Pendant que l’Adjudant Marcel Kafando s’efforçait de couvrir maladroitement François Compaoré, frère cadet du Président du Faso, le Colonel Gilbert Diendéré n’entendait pas porter un chapeau qui dépassait sa tête. Il n’était au courant de rien au début de l’affaire et il ne savait pas en vertu de quoi il porterait une telle responsabilité. L’impopularité du Colonel Gilbert Diendéré est due à ses multiples services rendus à Blaise Compaoré.

Or, un procès du dossier Thomas Sankara ne peut se faire sans le témoignage de Gilbert Diendéré. La confiance entre Blaise et son chef de la sécurité ne serait plus comme avant. Blaise est donc en droit de douter du soutien total du Colonel dans une telle affaire. Et comme le doute profite toujours à l’accusé, le doute du Président Compaoré ne peut que profiter à lui-même. Il parait que c’est un principe en droit.
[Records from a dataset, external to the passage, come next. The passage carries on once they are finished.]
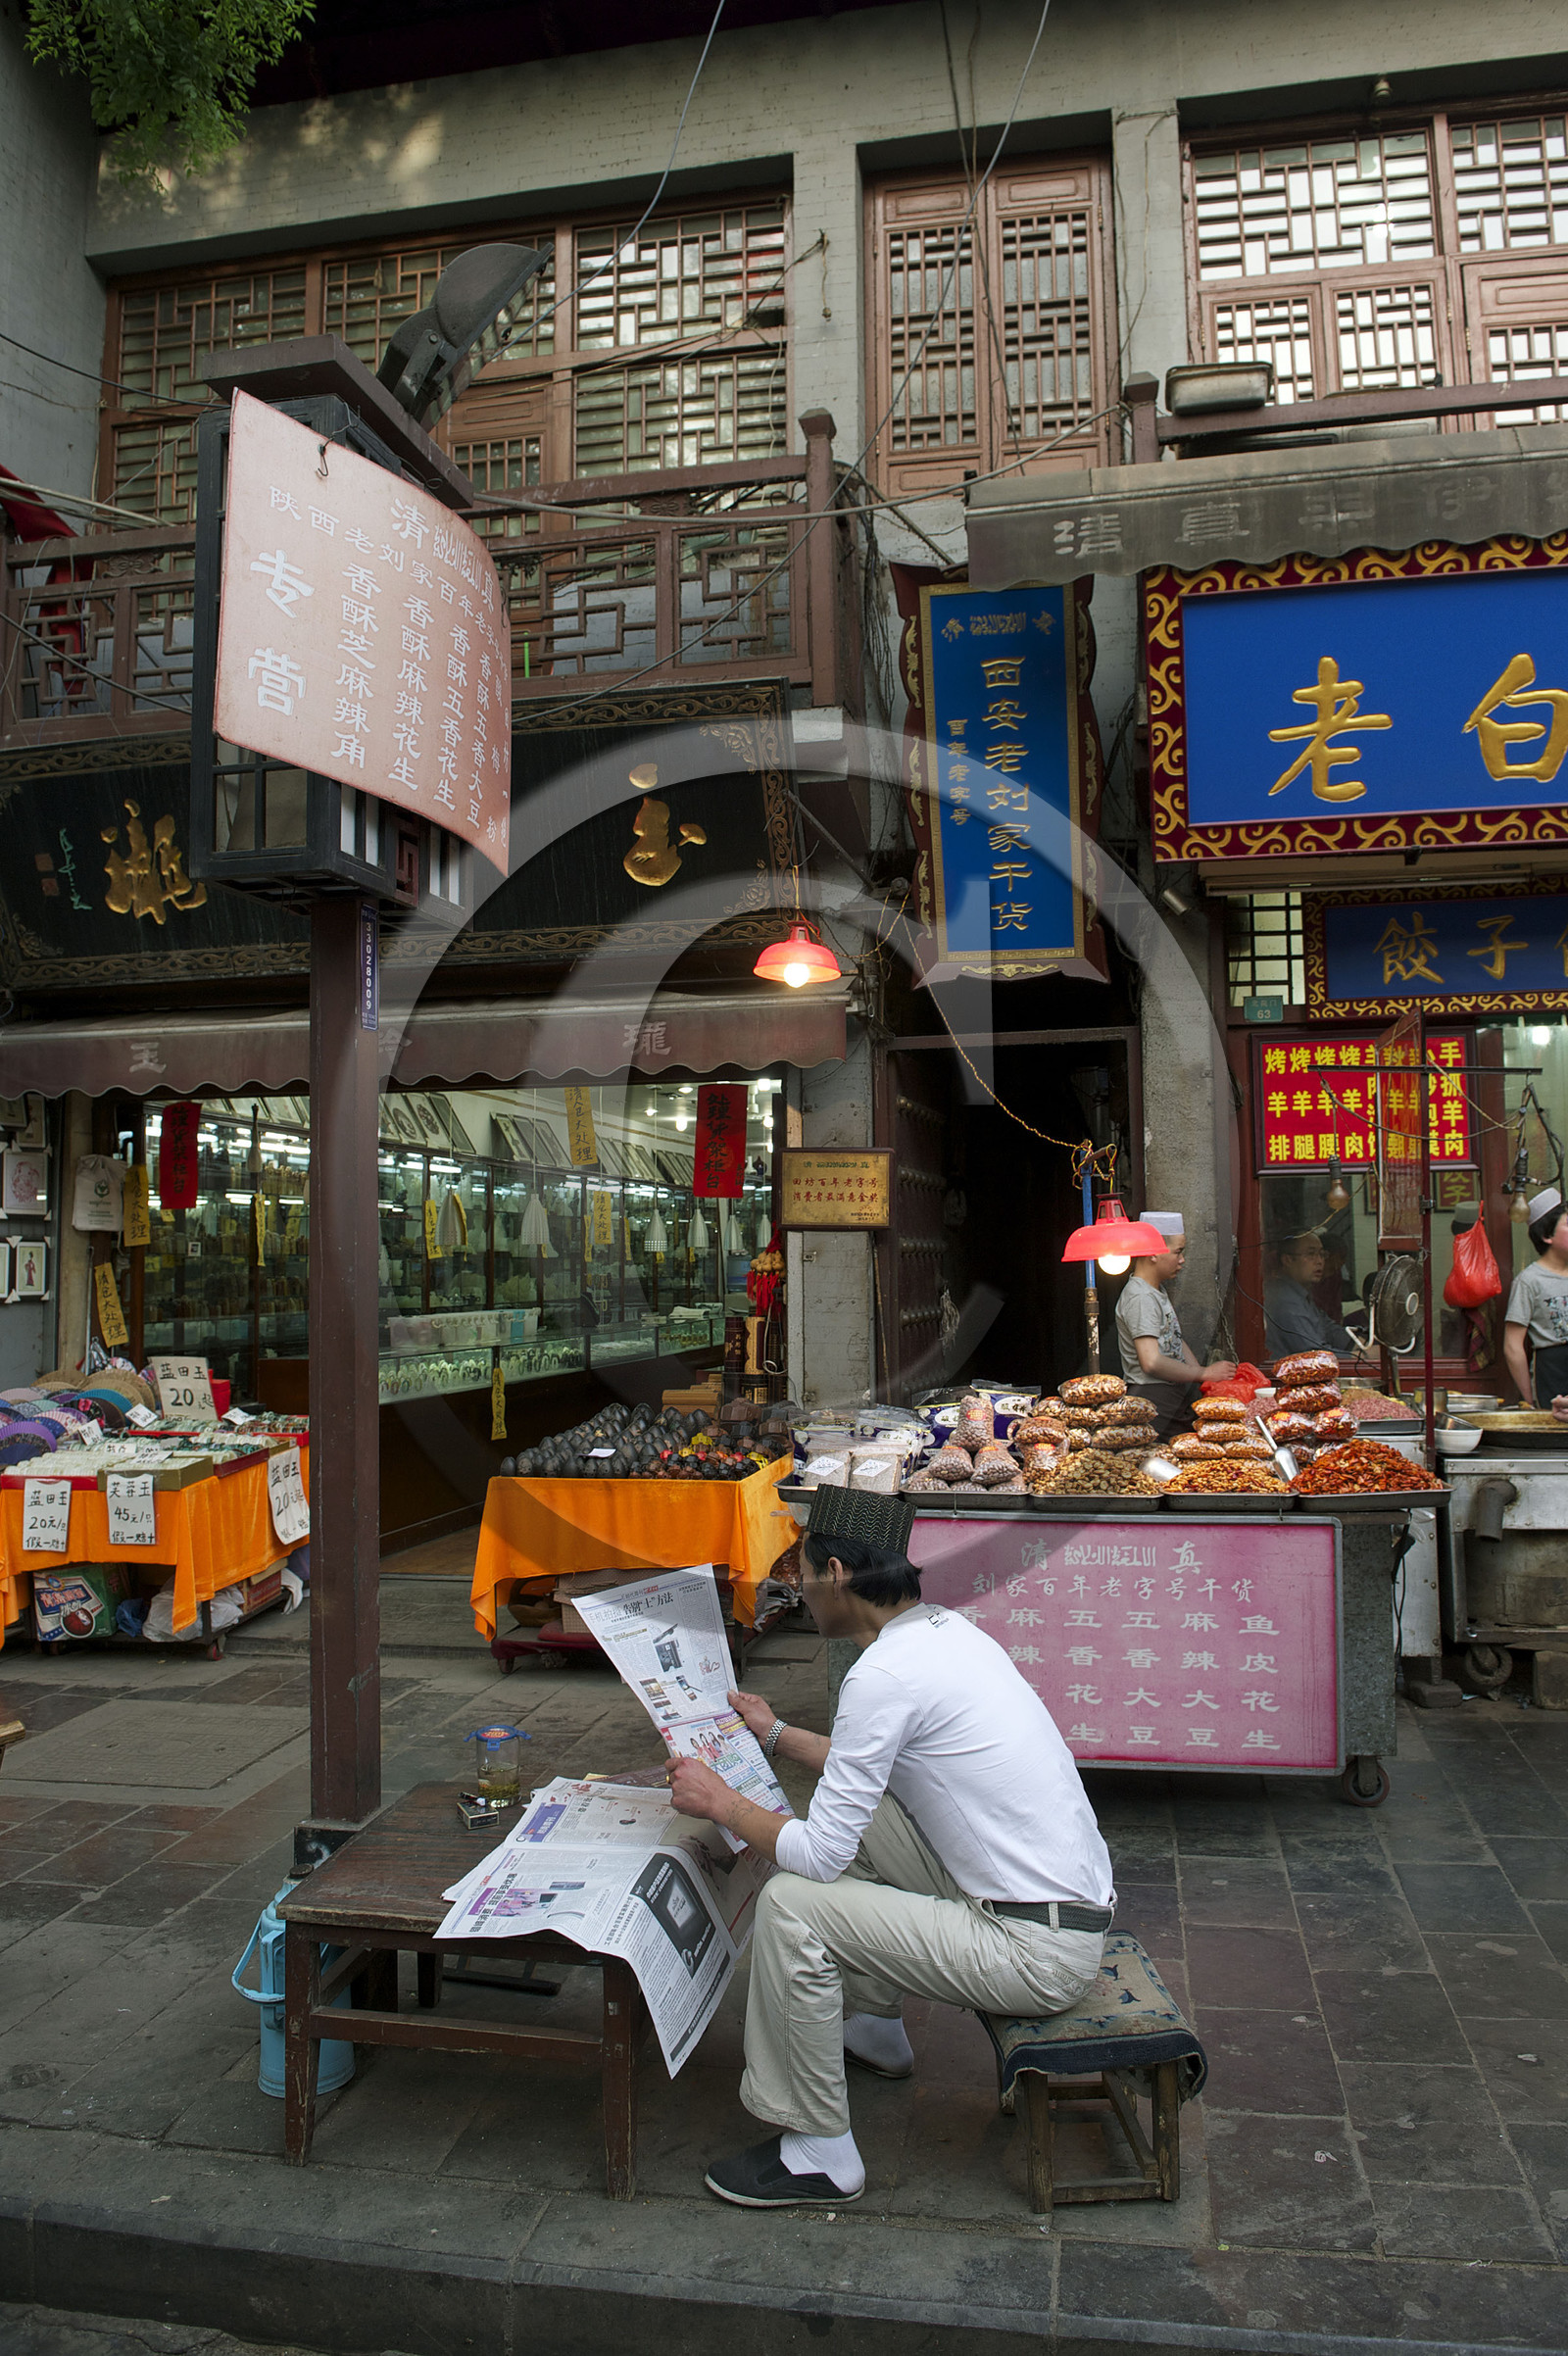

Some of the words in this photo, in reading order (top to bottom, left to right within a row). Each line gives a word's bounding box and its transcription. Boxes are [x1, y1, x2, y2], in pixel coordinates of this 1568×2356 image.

[391, 498, 429, 550] 清
[248, 549, 315, 717] 专营
[330, 562, 381, 769] 香酥芝麻辣角
[388, 594, 434, 792] 香酥麻辣花生
[433, 623, 470, 811] 香酥五香花生
[466, 651, 492, 829] 香酥五香大豆
[1268, 653, 1568, 804] 老白
[947, 718, 971, 826] 百年老字号
[980, 656, 1033, 931] 西安老刘家干货
[1256, 1009, 1272, 1019] 63
[1264, 1048, 1291, 1161] 烤羊排
[1290, 1047, 1315, 1160] 烤羊腿
[1339, 1044, 1364, 1159] 烤羊肉
[159, 1362, 208, 1381] 蓝田玉
[970, 1572, 1255, 1604] 刘家百年老字号干货
[1021, 1538, 1053, 1571] 清
[1168, 1541, 1203, 1575] 真
Aucun avocat ne peut prouver l’innocence de Blaise

3/ Depuis l’assassinat du Président Thomas Sankara, des années se sont écoulées et des regrets se sont installés dans biens des esprits des Burkinabè au regard du désordre de gouvernance que nous vivons actuellement dans le pays. De même, beaucoup d’informations ont pu circuler, beaucoup de militaires faisant partie des commandos à l’époque ou actuellement ont été brimés d’une façon ou d’une autre.
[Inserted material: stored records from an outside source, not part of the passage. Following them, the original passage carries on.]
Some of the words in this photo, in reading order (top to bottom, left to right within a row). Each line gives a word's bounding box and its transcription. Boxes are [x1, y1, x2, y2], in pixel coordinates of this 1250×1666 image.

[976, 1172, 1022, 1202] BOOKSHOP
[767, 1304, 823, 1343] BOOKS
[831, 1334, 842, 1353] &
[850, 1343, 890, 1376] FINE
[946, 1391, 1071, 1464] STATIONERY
Or, beaucoup d’entre eux en savent certainement quelque chose et pourraient fournir des éléments accablants, même clandestinement. On ne sait jamais. En tout cas, pendant le procès des présumés putschistes d’avril 2003, on a appris des choses intéressantes avec des anciens commandos du Conseil de l’entente sur la vie de ce corps à l’époque. De même, un procès sur l’assassinat de Thomas Sankara ne peut se faire sans le témoignage des civils qui savent également quelque chose sur cet événement tragique. Il est certain que beaucoup n’attendent que l’occasion.

L’affaire n’est donc pas mince et le Président Compaoré en est parfaitement conscient et ses juges sont déjà à ses ordres. Quel que soit le professionnalisme des avocats qui se constitueront aux côtés de Blaise Compaoré, la tâche ne sera pas facile non plus, puisqu’ils n’arriveront jamais à prouver l’innocence de leur client dans cette affaire, au risque de recevoir dans leur dossier de défense des éléments d’information pouvant les conduire à jeter l’éponge et à garder leur dignité d’avocat.

Ce métier est aussi sensible. Pour un rien, vous perdez tous les clients et la considération auprès de l’opinion avec. Il en est de même pour certains juges, qui ne peuvent plus avoir un simple bonjour de la plupart des Burkinabè. Le dossier est donc brûlant.